Working with Sexual Violence and Abuse
Sexual violence and abuse
Just to be clear, sexual violence and abuse is a crime under UK law, whether those involved are known to each other or not. Almost everything outlined on the page about Domestic Violence applies. There are specific laws covering sexual behaviour contained within the Sexual Offences Act 2003. There are specific aspects to consider if a client is disclosing sexual abuse that has happened very recently as there may be forensic evidence potentially available. It is the client’s decision whether to report the offence. There are organisations called SARCs (Sexual Assault Referral Centres) which can help, guide and support victims, without requiring the police to be involved. There are also people called ISVAs (Independent Sexual Violence Advisers) who provide a single point of contact and assist victims who are considering using the criminal justice system.
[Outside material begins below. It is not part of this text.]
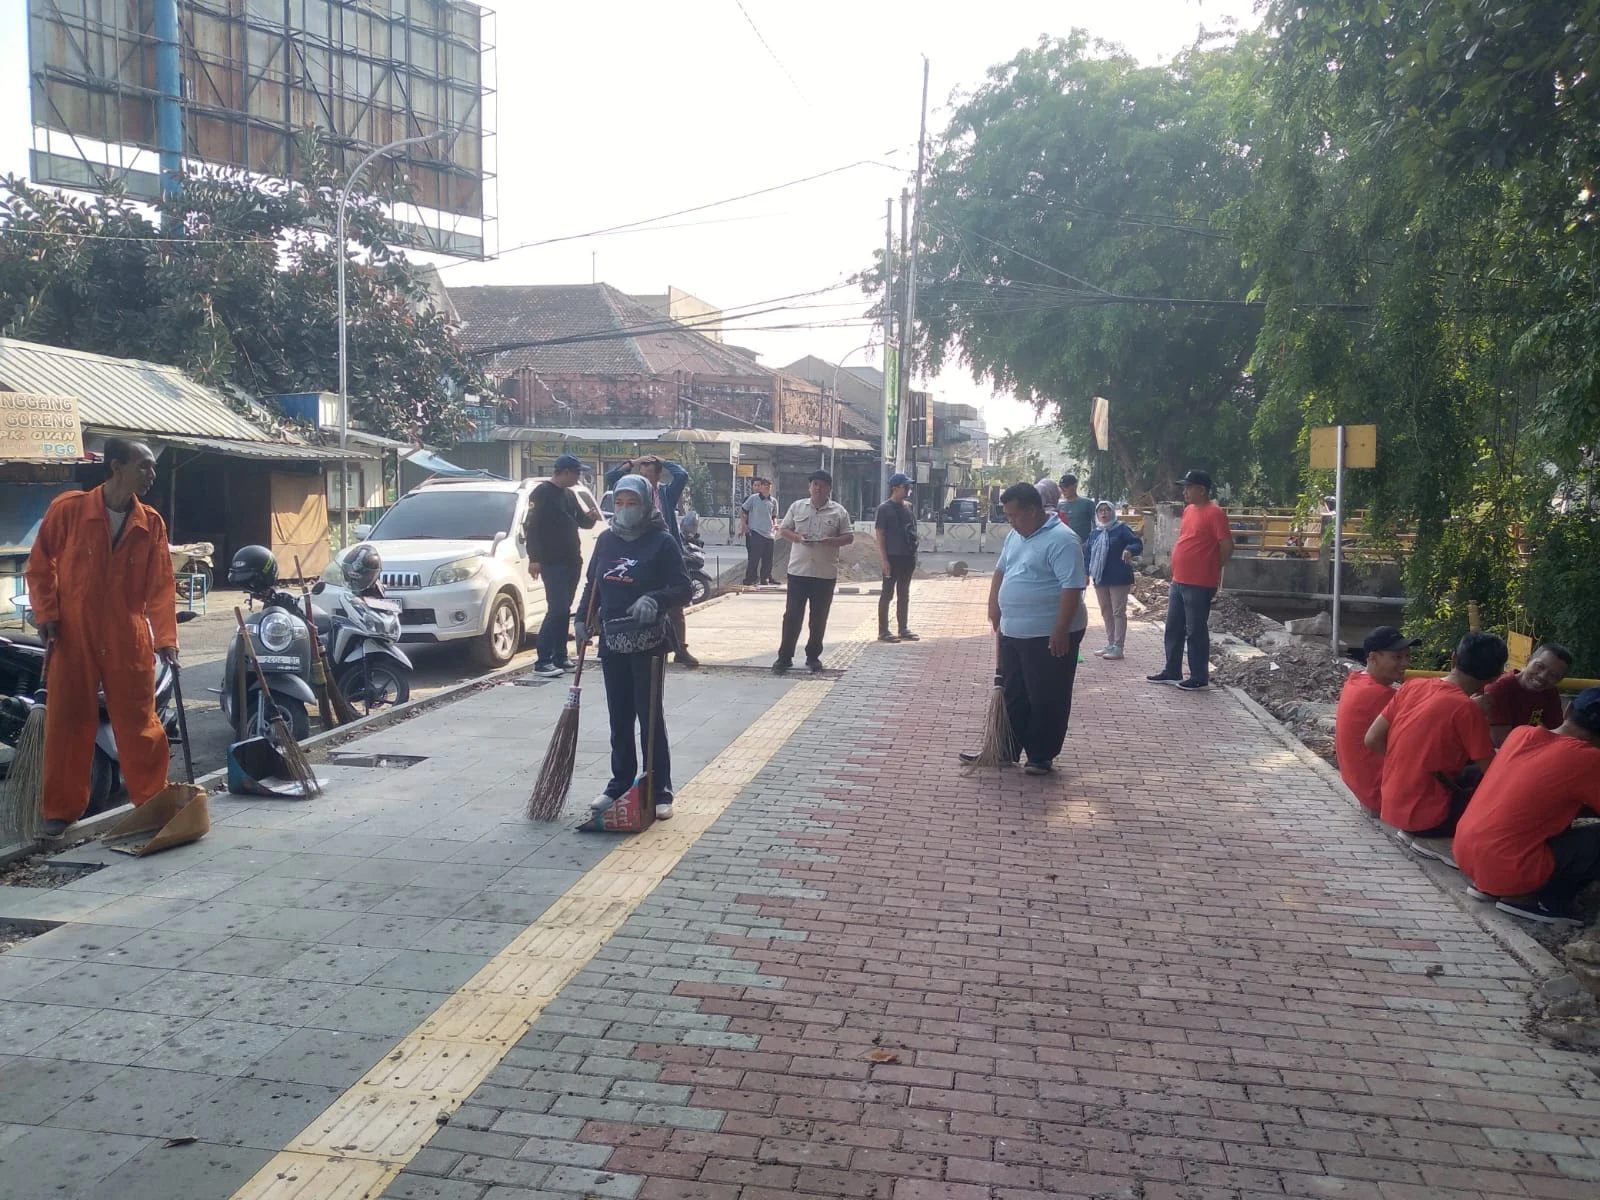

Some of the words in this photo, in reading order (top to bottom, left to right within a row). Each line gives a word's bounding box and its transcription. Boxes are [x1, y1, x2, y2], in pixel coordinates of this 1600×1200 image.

[0, 394, 73, 411] NGGANG
[6, 412, 75, 429] GORENG
[31, 431, 76, 441] OVAN
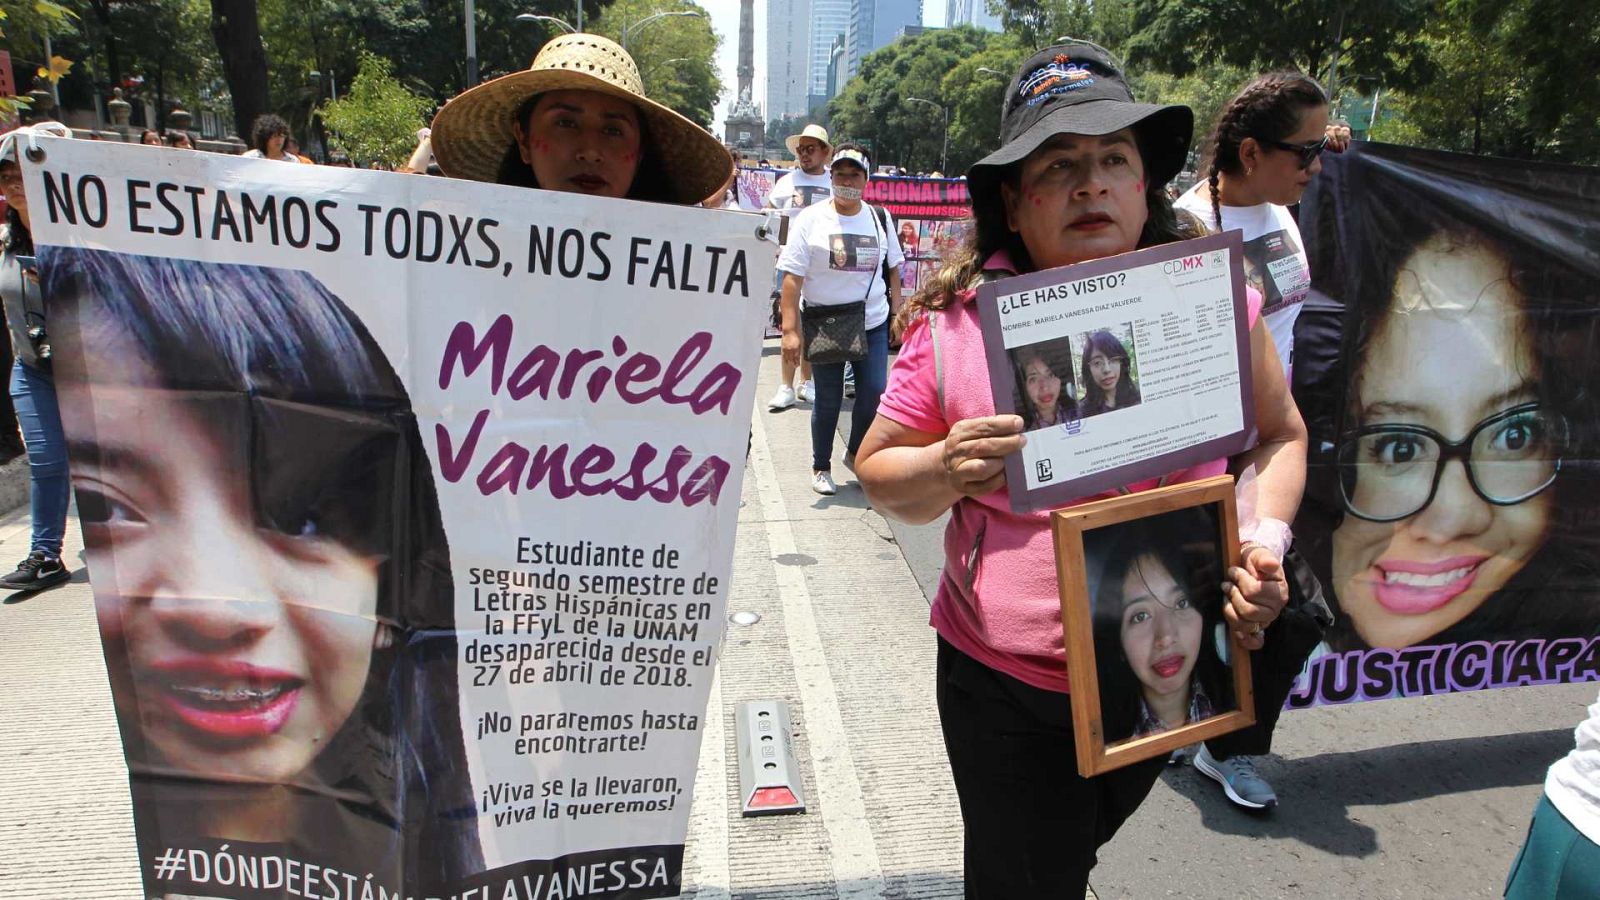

There are also IDVAs (Independent Domestic Violence Advisers) who provide a similar service in the case of Intimate Partner Violence.
The Role of Therapy
A victim of rape or sexual assault is likely to have experienced a traumatic incident and therapy can be helpful in processing and recovering. Because of the complex legal and safeguarding issues surrounding such incidents the therapist must have undergone specialist training so that they don’t jeopardise a victim’s legal options or at the same time influence their choices. Once again, safety is the prime concern and if a client is in danger there are organisations such as the police and a number of helplines skilled in the appropriate procedures which the client may wish to contact. If the offence has been reported then therapy may still be provided under specialist pre-trial constraints.
Options in Therapy
As well as stabilisation and recovery, therapy can offer insights into any behavioural patterns that may have created risks. There are a number of processes (such as the “Traffic Light” exercise) designed to help clients monitor and evaluate the moments that signal an escalation of risk so that they can experiment with new behaviours and diversions.
Between stimulus and response there is a space. In that space is our power to choose our response. In our response lies our growth and our freedom.